The problem wasn’t what she did on-screen, but what she didn’t do offscreen.
There were certain trapdoors built into the entertainment business. Some were shortcuts to heaven, some to hell. The price of access was one’s honor. None of the most successful actresses had fallen into that trap (or at least, none had confessed it), but the temptation came to them all. A girl could do very well in this town if she gave up a little pride and a lot of chastity. The question was, would such compromises keep her from the very top? The Indian press thrived on scandal, and the public feasted on it. An actress was easily ruined.
So far, Nilu had been careful. There were forces, however, conspiring against her better judgment. Tonight she would confront one of those forces in the guise of the film’s producer, Mallammanavar Jagadish.
His nickname, “Jag,” was appropriate, as it suggested the supreme being. Which, in cinema, Jag certainly was. He was a second-generation filmmaker and also produced television commercials. In commercials, his specialty was working with professional athletes. When it came to film, his specialty was actresses. Jag’s affairs were conducted with perfect secrecy. His discretion was legendary. I do not hunt tigers for their skins, he once said.
The problem was not him or even his household or familiars, but the diabolical skill of scandal hunters for the tabloids. They could deduce a romantic connection merely by observing who disappeared, and when, and for how long. The parties involved need never be seen
together.

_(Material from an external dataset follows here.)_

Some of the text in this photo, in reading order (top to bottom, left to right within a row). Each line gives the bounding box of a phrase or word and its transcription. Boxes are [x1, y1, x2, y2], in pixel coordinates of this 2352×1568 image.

Verification came from studying the credits of Jag’s next film; when it came to women, promotion was a sure sign.
Nilu had made sure to let several people know where she would be that evening and who would be there. That way, the tabloids could only unearth facts with which Nilu herself would agree. The problem was that Jag was notorious for ending a dinner party early, clearing an hour or two in the evening to study the latest script or budget. During that time, a woman might find herself delayed, perhaps to discuss an upcoming role. Upon such hours entire careers might hinge. Nilu had a feeling her hour would be tonight, and she didn’t yet know what she would do when it arrived.

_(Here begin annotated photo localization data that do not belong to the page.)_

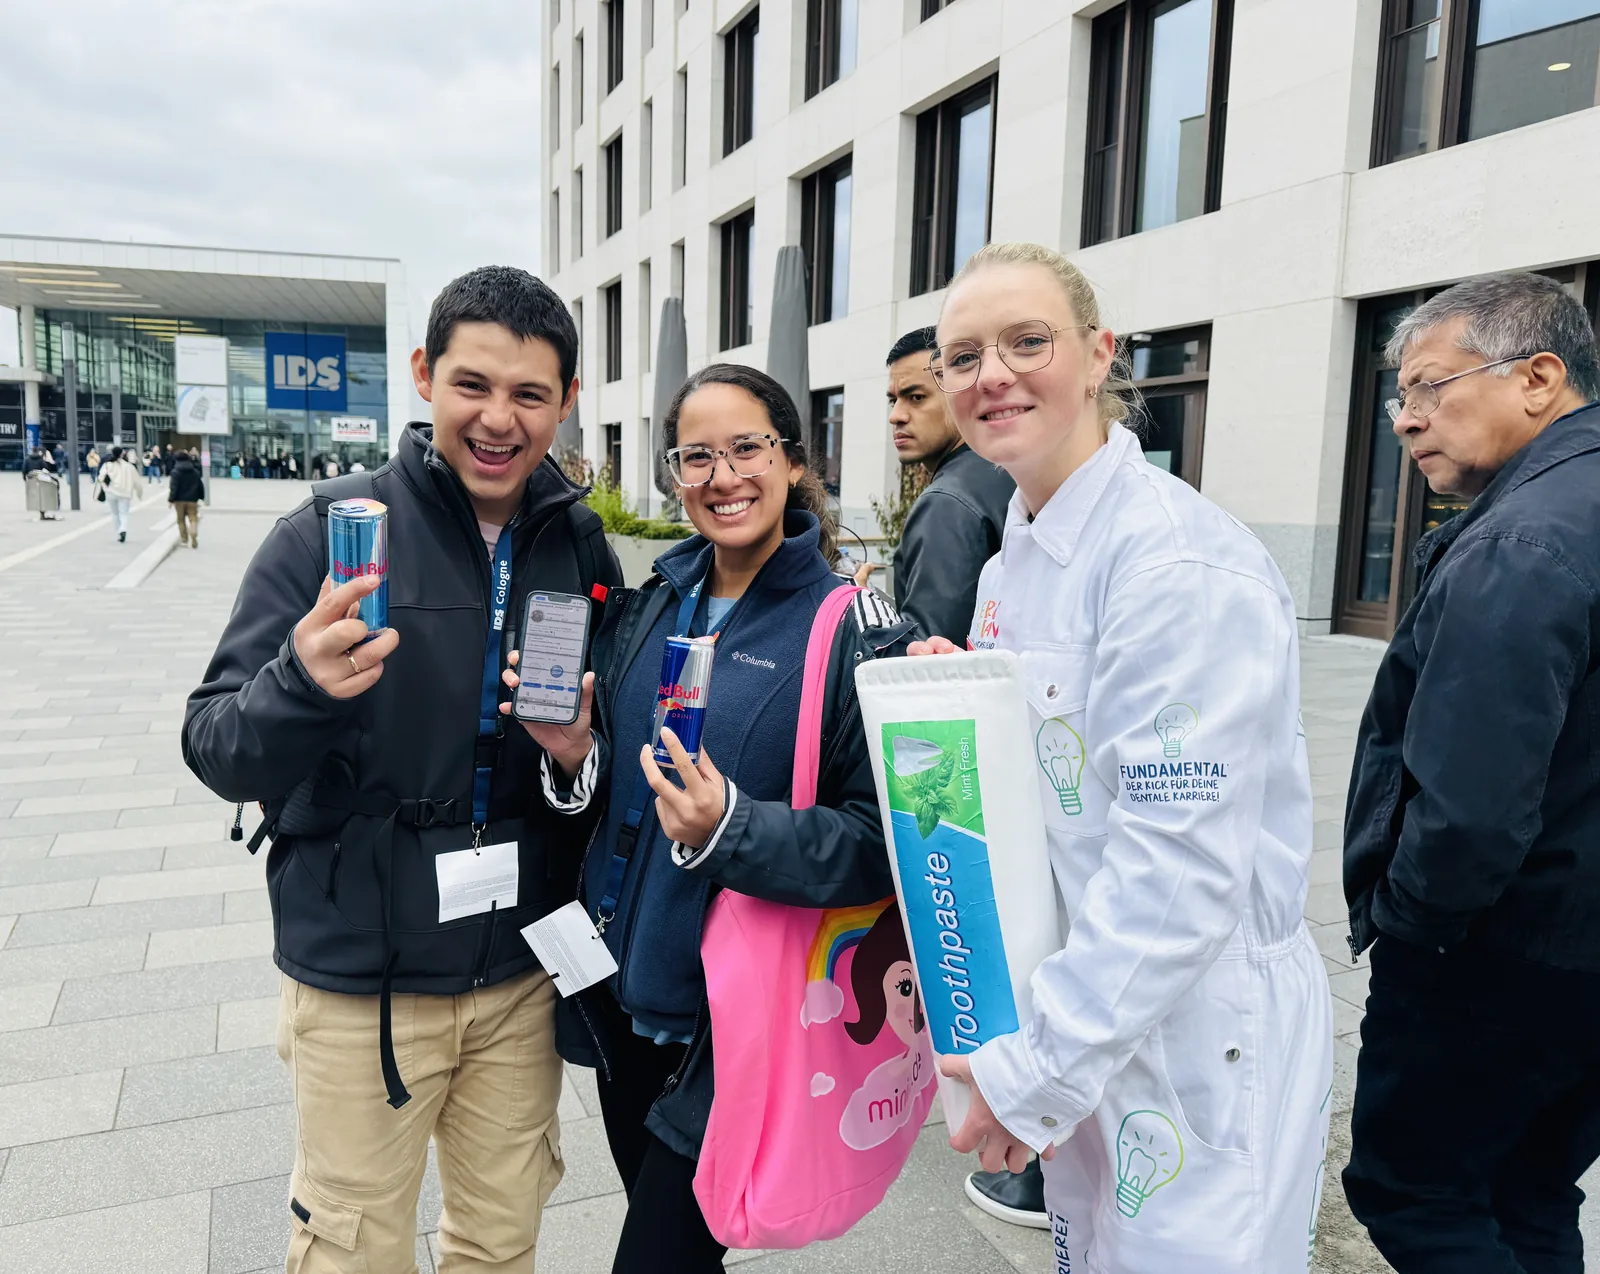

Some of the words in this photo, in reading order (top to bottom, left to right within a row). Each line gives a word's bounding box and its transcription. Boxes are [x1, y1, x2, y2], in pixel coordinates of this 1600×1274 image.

[273, 354, 341, 388] IDS
[334, 559, 364, 577] Red
[367, 557, 389, 576] Bul
[496, 560, 511, 605] Cologne
[493, 608, 504, 631] IDS
[739, 653, 776, 669] Columbia
[658, 682, 673, 697] ed
[673, 684, 700, 700] Bull
[671, 712, 693, 720] DRINK
[959, 736, 970, 771] Fresh
[1119, 762, 1227, 779] FUNDAMENTAL
[961, 773, 973, 800] Mint
[1126, 781, 1143, 791] DER
[1145, 780, 1169, 790] KICK
[1170, 777, 1190, 790] FÜR
[1192, 778, 1219, 790] DEINE
[1130, 792, 1170, 803] DENTALE
[1172, 791, 1220, 802] KARRIERE!
[924, 851, 982, 1050] Toothpaste

The afternoon shoot went well. Nilu spent the entire morning warming up and doing her routines alone; the rehearsal was a single run-through, and then she was on camera, singing and dancing with Sunil Kumar. He was a professional and got everything right. Nilu kept up. She was nearly an inch taller than him, but he had shoes for that.

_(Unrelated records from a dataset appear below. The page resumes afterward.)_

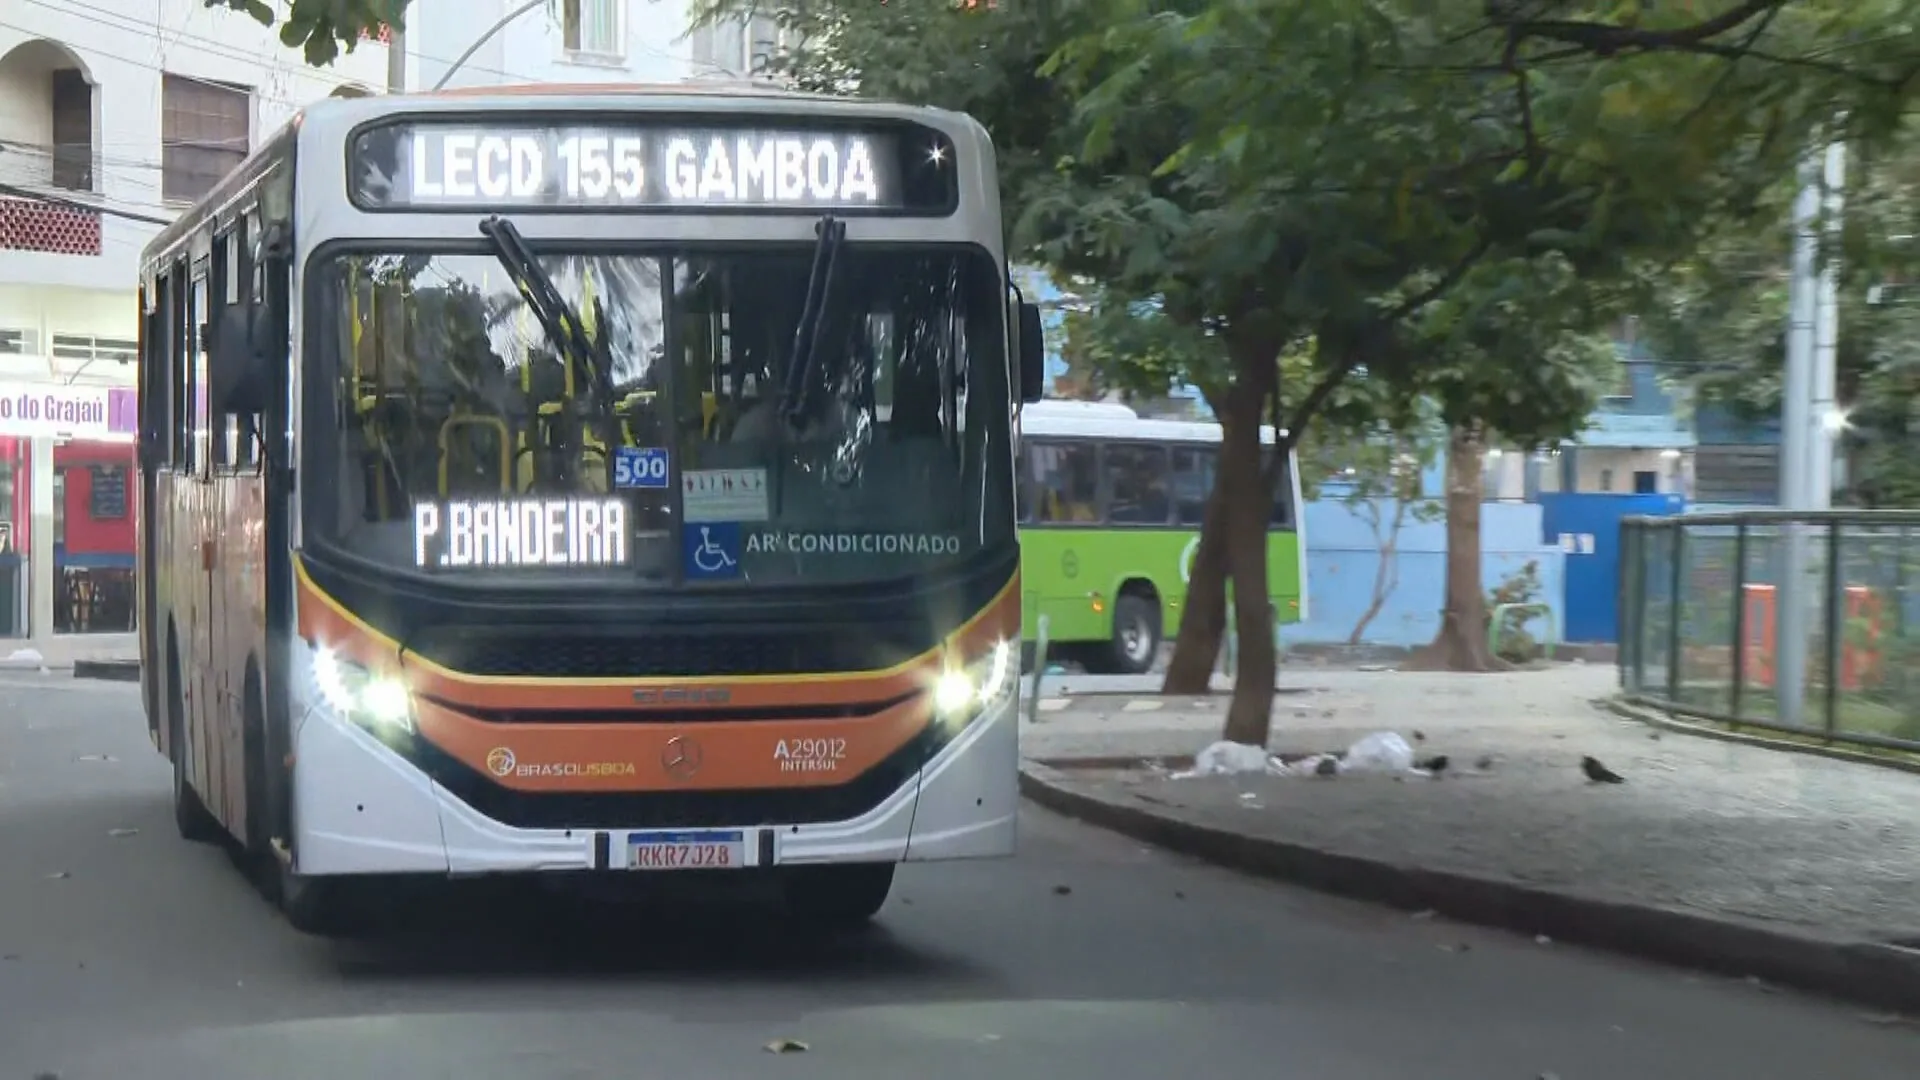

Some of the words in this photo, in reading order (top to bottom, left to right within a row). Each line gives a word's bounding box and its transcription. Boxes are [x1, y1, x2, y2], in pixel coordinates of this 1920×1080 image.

[412, 134, 543, 198] LECD
[557, 136, 645, 198] 155
[664, 137, 878, 202] GAMBOA
[17, 394, 39, 420] do
[44, 395, 103, 425] Grajaú
[415, 499, 626, 567] P.BANDEIRA
[746, 534, 776, 553] AR
[788, 533, 961, 555] CONDICIONADO
[773, 738, 847, 760] A29012
[780, 760, 836, 772] INTERSUL
[638, 845, 729, 866] RKR7J28

By the end of the day they had filmed the entire dance number, except for some insert shots of the actress brooding at her table in the club. Nilu had not spared a moment’s thought for the evening until an hour after the shoot was wrapped. She was changing into her civilian clothes, fashionable distressed jeans and a backless frock of pistachio-green chiffon. The green was especially suited to Nilu’s skin, which was a few shades darker than the current pallid mode. Bangling gold at throat and ears, a cascade of gold bracelets at the left wrist: enough. She was ready. Sexy, but not brazen, she hoped. She tucked her feet into a pair of cork platforms and strode out of the communal dressing room she shared with eight other dancers. Maybe in a few months, she would have her own dressing room.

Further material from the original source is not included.